FANI HISGAIL é psicanalista e doutora em Comunicação e Semiótica pela PUC/SP e autora do livro "Pedofilia, Um Estudo Psicanalítico" (Ed. Iluminuras, 2007); hisgail@uol.com.br

segunda-feira, 11 de julho de 2011

Ciclo de Leituras Psicanalíticas



CICLO DE LEITURAS PSICANALÍTICAS
Livraria Cortez - Rua Bartira, 317 - Perdizes         

Desde meados da década de setenta, o ensino de Jacques Lacan tem fertilizado a prática analítica ao longo do mundo, recuperando & elucidando a teoria de Sigmund Freud. Na cidade de São Paulo, a produção dos autores locais muito contribuiu para a disseminação do legado conceitual que fundamenta a clínica.
          Numa iniciativa conjunta, a Livraria Cortez & a Editora Iluminuras promovem, a partir de agosto de 2011, o Ciclo de Leituras Psicanalíticas, coordenado por Oscar Cesarotto, com a finalidade de difundir as novas edições dos livros que norteiam a formação & o estudo sistemático. A atualização dos textos, sua história & contexto, articula a tradição com a transmissão, dando continuidade ao discurso analítico.
          A programação mensal destaca a interpretação dos psicanalistas interlocutores das obras comentadas.

Quarta feira, 10 de AGOSTO, 19:30-21:30h
-Jacques Lacan – Uma biografia intelectual, de Márcio Peter de Souza Leite & Oscar Cesarotto.
Mais do que uma narrativa anedótica, este livro acompanha a saga psicanalítica de Lacan, na construção do seu sistema de pensamento. Em destaque, as coordenadas teóricas dos seus escritos & seminários, junto com a lista cronológica de suas obras.
Apresentado por GERALDINO ALVES FERREIRA NETTO
Psicanalista. Coordenador do Curso de Pós-Graduação Lato Senso (CLASI – Campinas). Autor de Wim Wenders, Psicanálise & Cinema (Editora Unimarco, 2001) & Doze lições sobre Freud & Lacan (Editora Pontes, 2010).
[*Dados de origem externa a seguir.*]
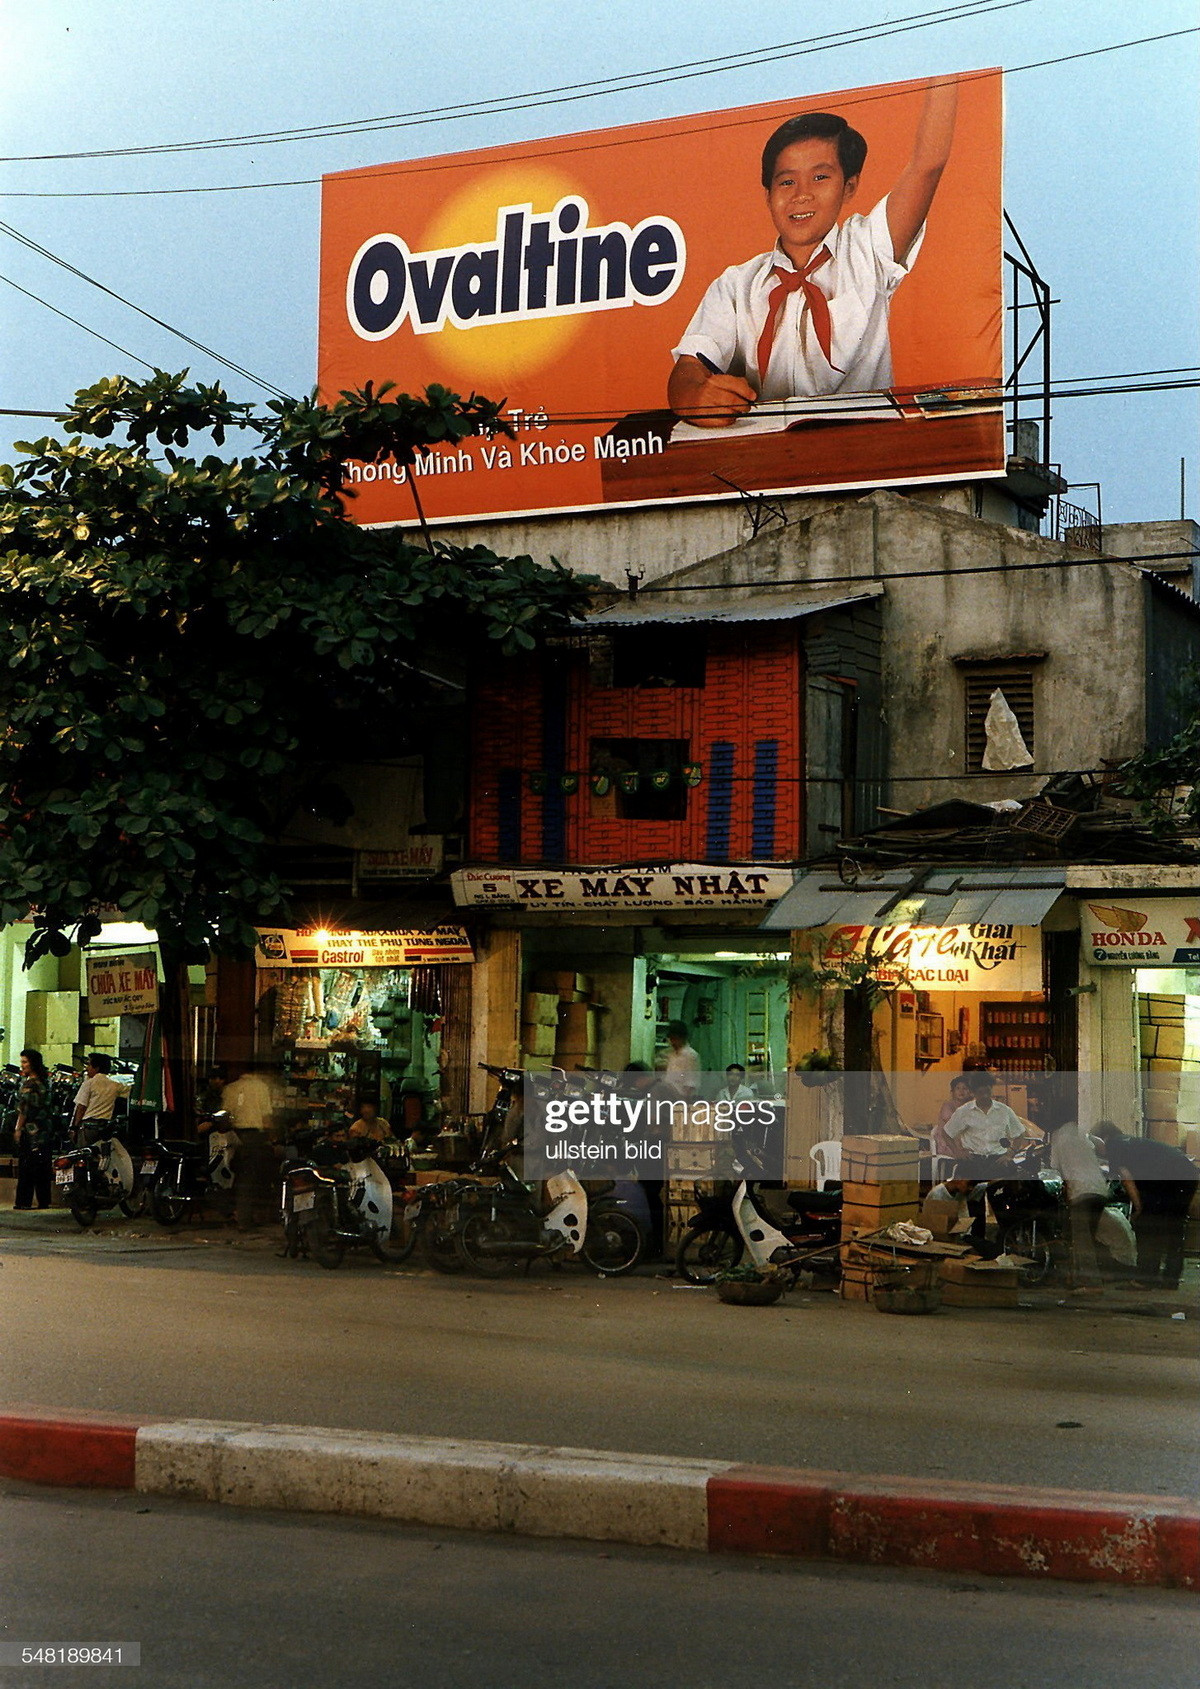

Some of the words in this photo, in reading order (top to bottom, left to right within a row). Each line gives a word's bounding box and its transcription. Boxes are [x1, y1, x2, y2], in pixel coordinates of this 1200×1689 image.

Quarta feira, 14 de SETEMBRO, 19:30-21:30h
-Ideias de Lacan, organizado por Oscar Cesarotto.
          Participaram, neste volume, vinte & um psicanalistas & um poeta, reunidos numa associação livre, dedicados a explicar, parafrasear & formalizar os ditados, axiomas & aforismos lacanianos, desbravando o barroquismo dos textos & superando o hermetismo da significação.
Apresentado por OSCAR CESAROTTO
Psicanalista. Coordenador do curso de especialização em Semiótica Psicanalítica – Clínica da Cultura (COGEAE-PUC). Organizador de Ideias de Lacan (1995, 2001, 2010). Autor de Jacques Lacan – Uma biografia intelectual (com Márcio Peter de Souza Leite; 1993, 2001, 2010); No olho do Outro (1987, 1996); Um affair freudiano (1989); Contra natura (1999); Tango malandro (2003); O verão da lata ( 2006); Sedições (2008), todos pela Editora Iluminuras.

Quarta feira, 05 de OUTUBRO, 19:30-21:30h
-Doze lições sobre Freud & Lacan, de Geraldino Alves Ferreira Netto.
          Desde os primórdios do seu ensino, Lacan definiu o sentido do retorno a Freud como o retorno ao sentido de Freud, distorcido por décadas. A coerência doutrinária entre ambos é a referência da prática psicanalítica atual.
Apresentado por FANI HISGAIL
Psicanalista. Doutora em Comunicação & Semiótica. Organizadora de 14 conferências sobre Jacques Lacan (Editora Escuta, 1988) & A ciência dos sonhos (Editora Unimarco, 2000). Autora de Pedofilia – Um estudo psicanalítico (Editora Iluminuras, 2007).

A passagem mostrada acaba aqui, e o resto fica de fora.